The Importance of Wet, Cooked Breakfasts

A big part of good health is being well hydrated. Wet breakfasts, like porridge or “congee”, absorb a lot of water as they are cooked and gradually releases that fluid during digestion. Beyond just bringing hydration into your system, congee breakfasts have additional health benefiting properties such as:

  • tonifying weak digestion
  • soothes and restores organs of digestion
  • reducing inflammation or heat pathologies
  • comforts digestive organs after over eating, eating too late or feeling stressed or worried emotions

Eating wet breakfasts have been responsible for remarkable improvements with many whom have struggled with serious conditions such as high blood pressure, high cholesterol, constipation, severely weakened digestion and chronic dehydration.

Different types of congee include:

Rice Congee
Millet Porridge
Buckwheat Porridge
Polenta or Corn Grit Porridge
Quinoa, Amaranth and Teff Porridges
Wheat Porridge
Oatmeal

Wet breakfasts should be paired with other foods.
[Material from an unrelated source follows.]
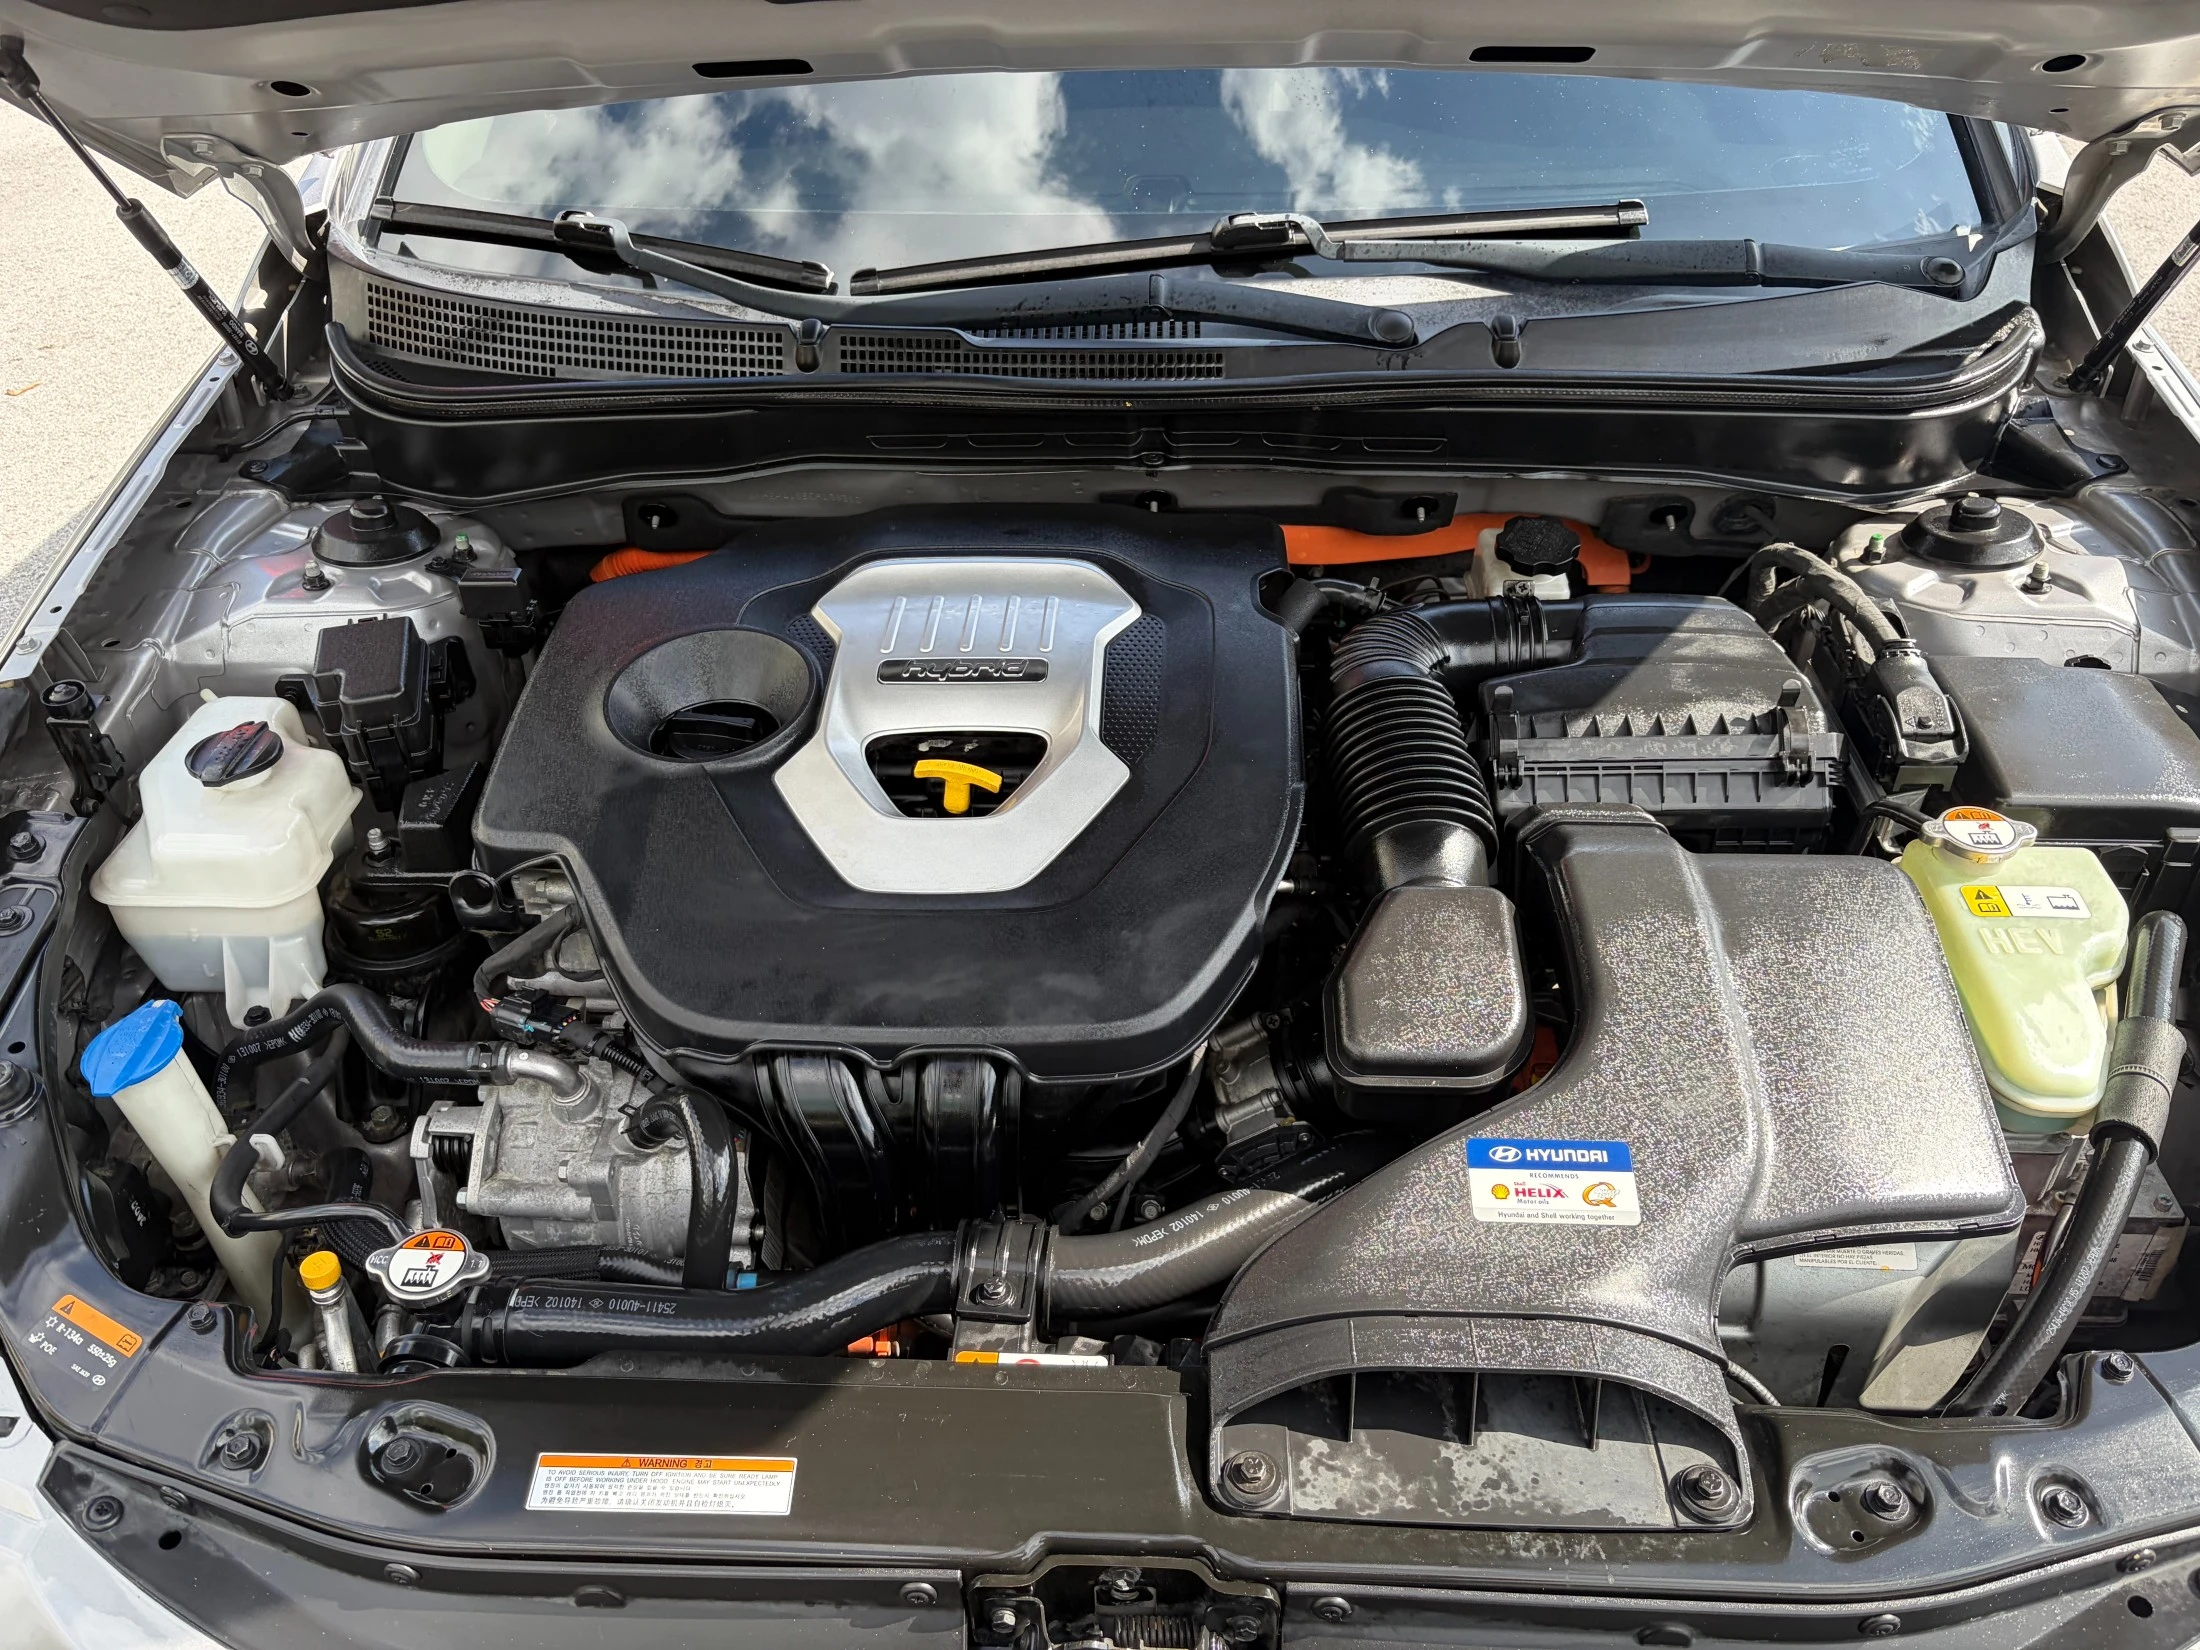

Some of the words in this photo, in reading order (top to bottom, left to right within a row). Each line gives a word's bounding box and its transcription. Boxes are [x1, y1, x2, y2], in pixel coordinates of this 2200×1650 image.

Fresh slices of ginger, nuts, soft-boiled eggs are some examples of great additions to your congee. Fresh ginger supports the harmonizing of digestion, resolves bloating and clears phlegm. Boiled eggs add protein, reducing inflammation and liver constraints.
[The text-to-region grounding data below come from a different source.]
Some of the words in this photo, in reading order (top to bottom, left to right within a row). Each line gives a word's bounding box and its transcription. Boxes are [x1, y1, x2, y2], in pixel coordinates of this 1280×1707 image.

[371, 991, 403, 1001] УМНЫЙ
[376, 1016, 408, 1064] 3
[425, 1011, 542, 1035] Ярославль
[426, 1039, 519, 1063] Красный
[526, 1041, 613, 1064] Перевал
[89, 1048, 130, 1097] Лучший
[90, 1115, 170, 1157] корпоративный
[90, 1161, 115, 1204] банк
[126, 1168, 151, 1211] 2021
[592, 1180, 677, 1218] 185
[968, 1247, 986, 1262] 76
Avoid the following common mistakes when making congee at home:

Do not use left over rice. It is the slow absorption of water that makes congee beneficial. Left over rice tends to be dried out.
Don’t forget to include 1-2 teaspoons of good quality oil. Oil is essential for nutrition and is part of the overall nourishment of fluids.
Be sure to add plenty of water.
Never eat congee plain but avoid too many additions to one bowl.

So be sure before, and after you take on the Turkey, you enjoy a nice hydrating breakfast to strengthen that digestive system.
Your stomach will thank you for it.
References:
Sterman, Andrew. “Congee and the Importance of Wet, Cooked Breakfasts.” Golden Flower; Chinese Herbs: 1-4. Print.
Presson, Connie. Personal Interview. 13 November 2015.